*** Opening of EXTRACTED ENTRIES ***

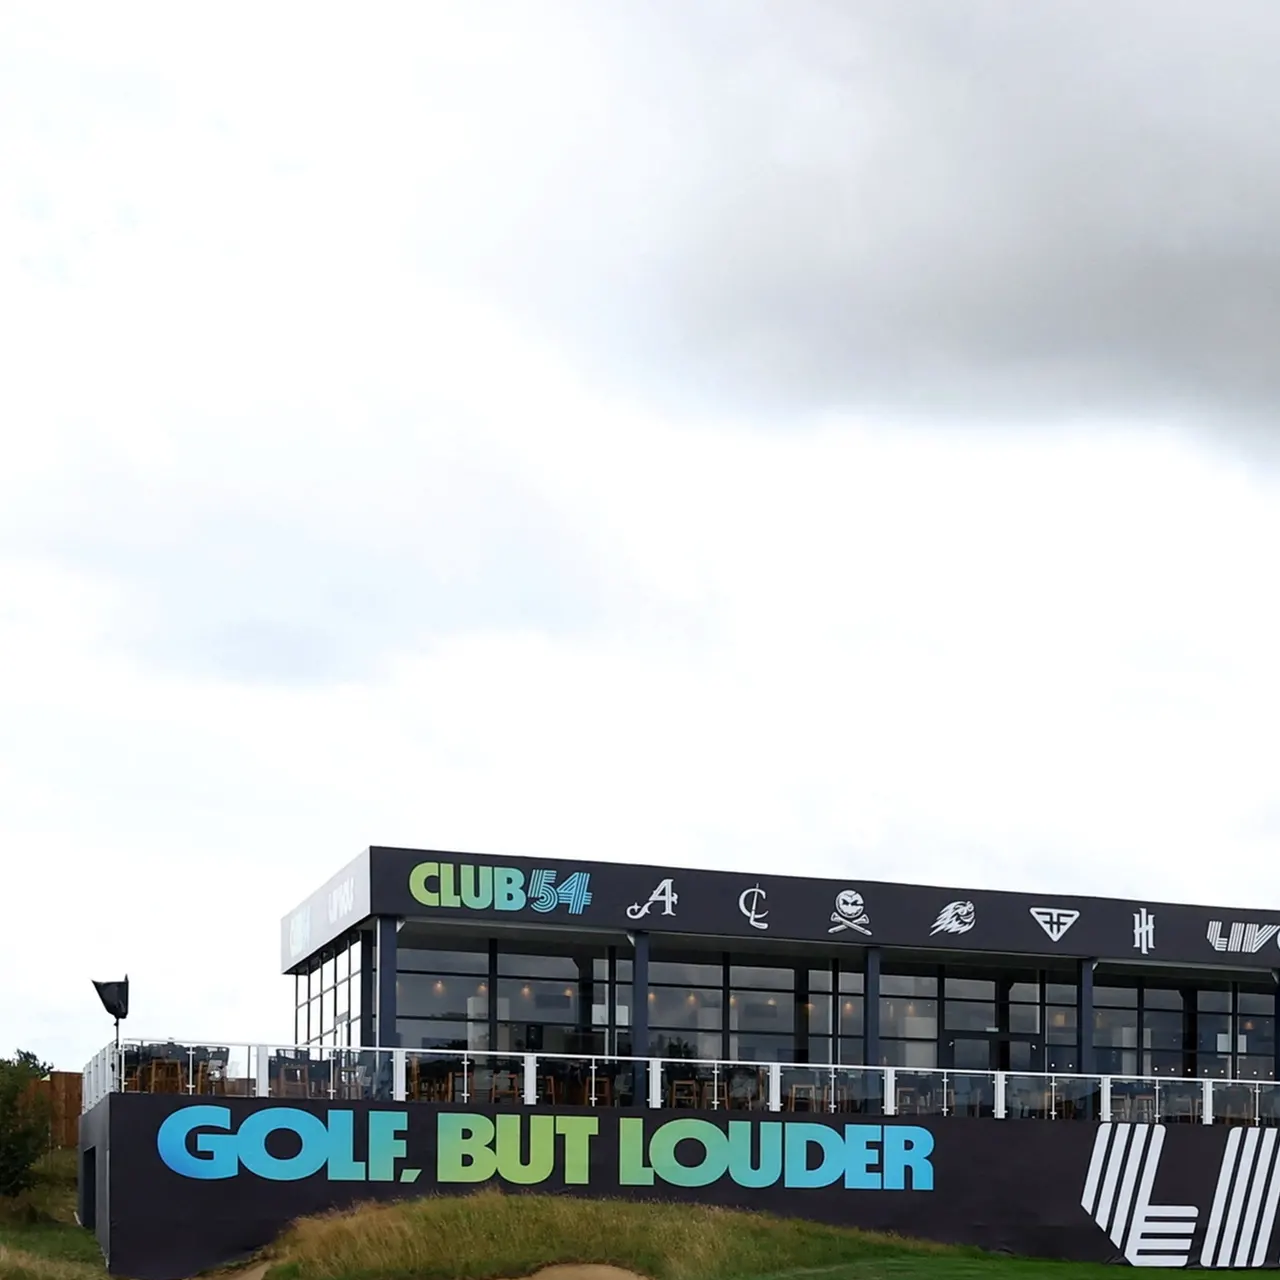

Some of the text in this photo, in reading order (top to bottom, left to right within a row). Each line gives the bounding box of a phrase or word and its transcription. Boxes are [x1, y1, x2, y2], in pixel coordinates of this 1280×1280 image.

[409, 861, 527, 912] CLUB
[527, 868, 593, 915] 54
[157, 1104, 936, 1192] GOLF, BUT LOUDER
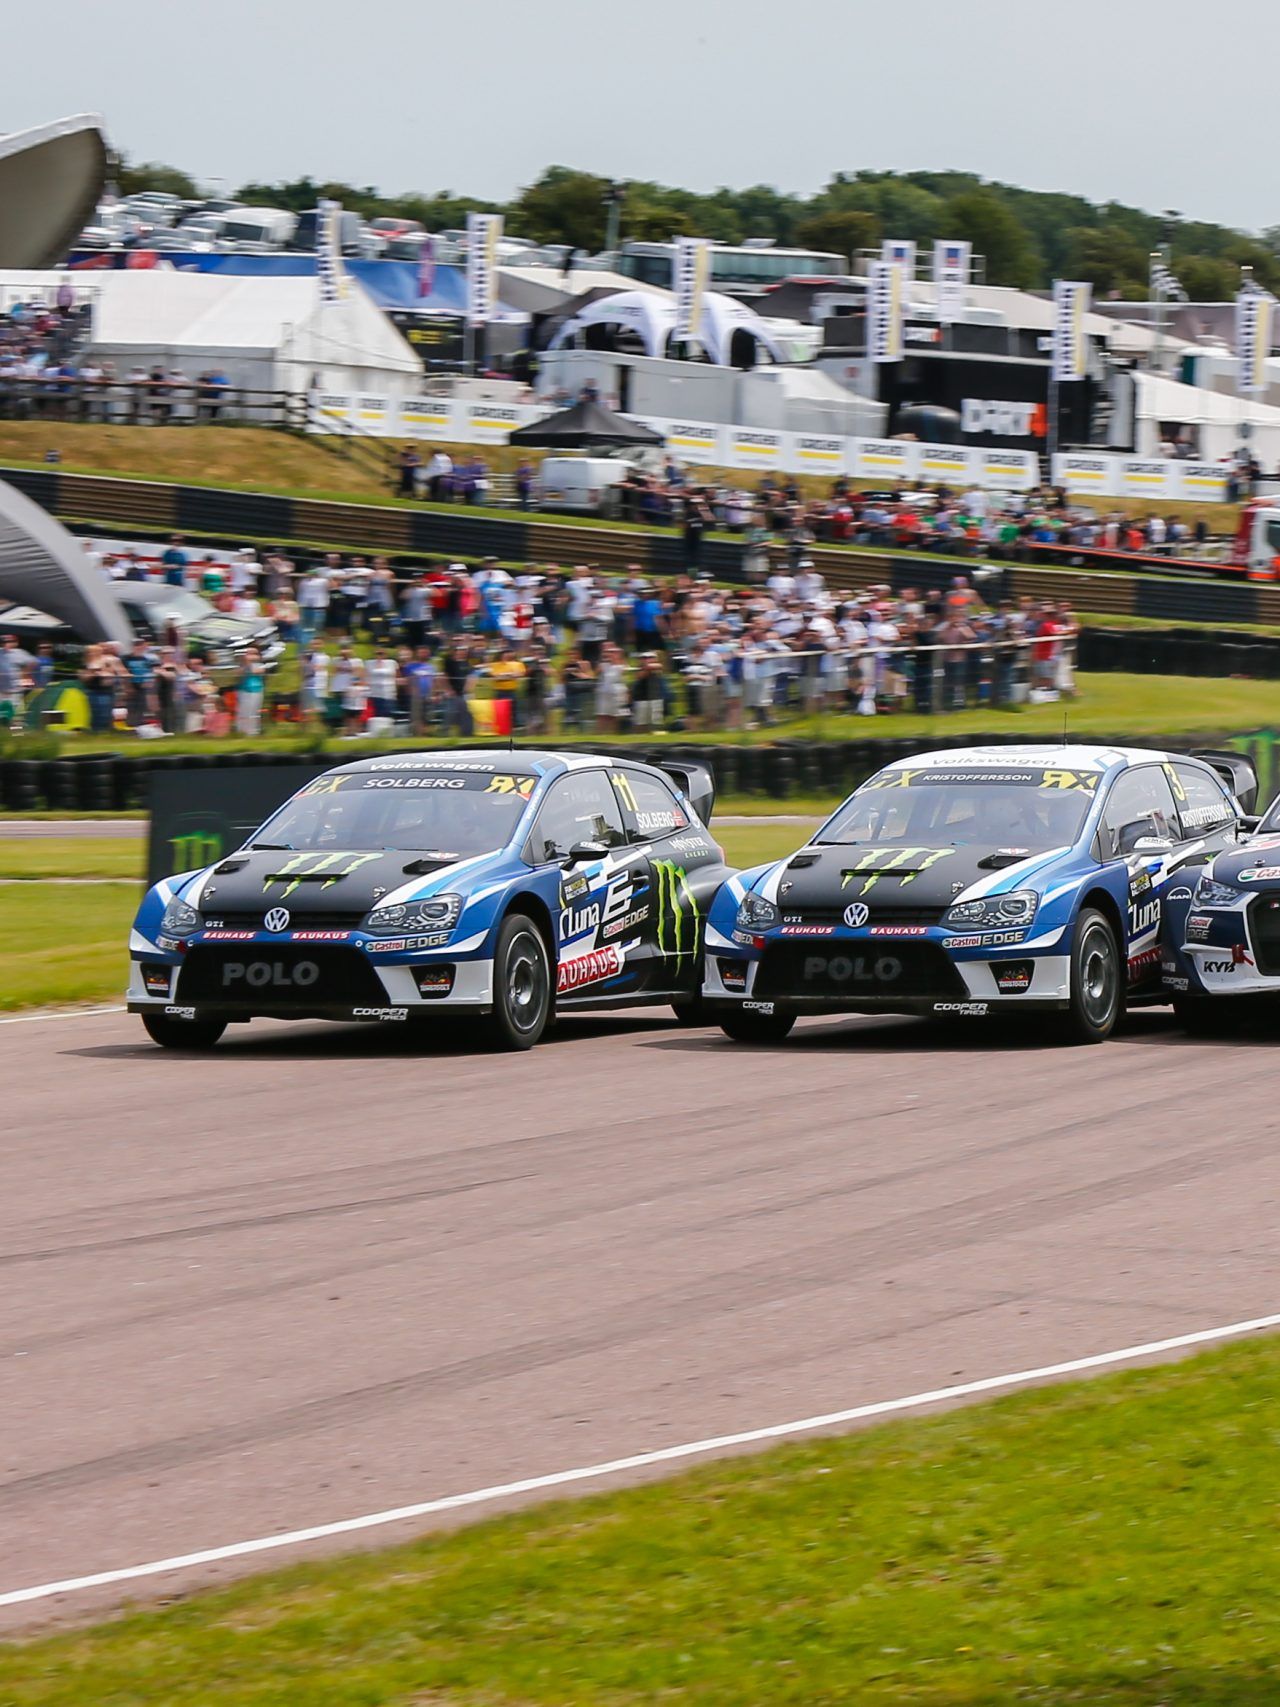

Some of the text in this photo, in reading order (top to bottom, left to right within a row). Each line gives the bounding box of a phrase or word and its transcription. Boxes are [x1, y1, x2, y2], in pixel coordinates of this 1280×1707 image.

[370, 762, 495, 771] Volkswagen
[933, 759, 1057, 767] Volkswagen
[363, 779, 466, 788] SOLBERG
[1163, 763, 1186, 801] 3
[612, 773, 638, 811] 11
[636, 811, 674, 829] SOLBERG
[624, 905, 649, 929] EDGE
[374, 934, 449, 951] Castrol EDGE
[951, 932, 1024, 947] Castrol EDGE
[222, 961, 320, 986] POLO
[559, 947, 618, 988] AUHAUS
[804, 957, 901, 981] POLO
[1204, 961, 1236, 973] KYB
[353, 1008, 408, 1016] COOPER
[934, 1003, 988, 1011] COOPER

*** Close of EXTRACTED ENTRIES ***

◆ ASSIGNED TASK ◆
What is needed is an exact output of the records above, with every picture left out.

◆ EXERCISE RESULT ◆
Some of the text in this photo, in reading order (top to bottom, left to right within a row). Each line gives the bounding box of a phrase or word and its transcription. Boxes are [x1, y1, x2, y2], in pixel coordinates of this 1280×1280 image.

[409, 861, 527, 912] CLUB
[527, 868, 593, 915] 54
[157, 1104, 936, 1192] GOLF, BUT LOUDER

Some of the text in this photo, in reading order (top to bottom, left to right within a row). Each line gives the bounding box of a phrase or word and its transcription. Boxes are [x1, y1, x2, y2], in pixel coordinates of this 1280×1707 image.

[370, 762, 495, 771] Volkswagen
[933, 759, 1057, 767] Volkswagen
[363, 779, 466, 788] SOLBERG
[1163, 763, 1186, 801] 3
[612, 773, 638, 811] 11
[636, 811, 674, 829] SOLBERG
[624, 905, 649, 929] EDGE
[374, 934, 449, 951] Castrol EDGE
[951, 932, 1024, 947] Castrol EDGE
[222, 961, 320, 986] POLO
[559, 947, 618, 988] AUHAUS
[804, 957, 901, 981] POLO
[1204, 961, 1236, 973] KYB
[353, 1008, 408, 1016] COOPER
[934, 1003, 988, 1011] COOPER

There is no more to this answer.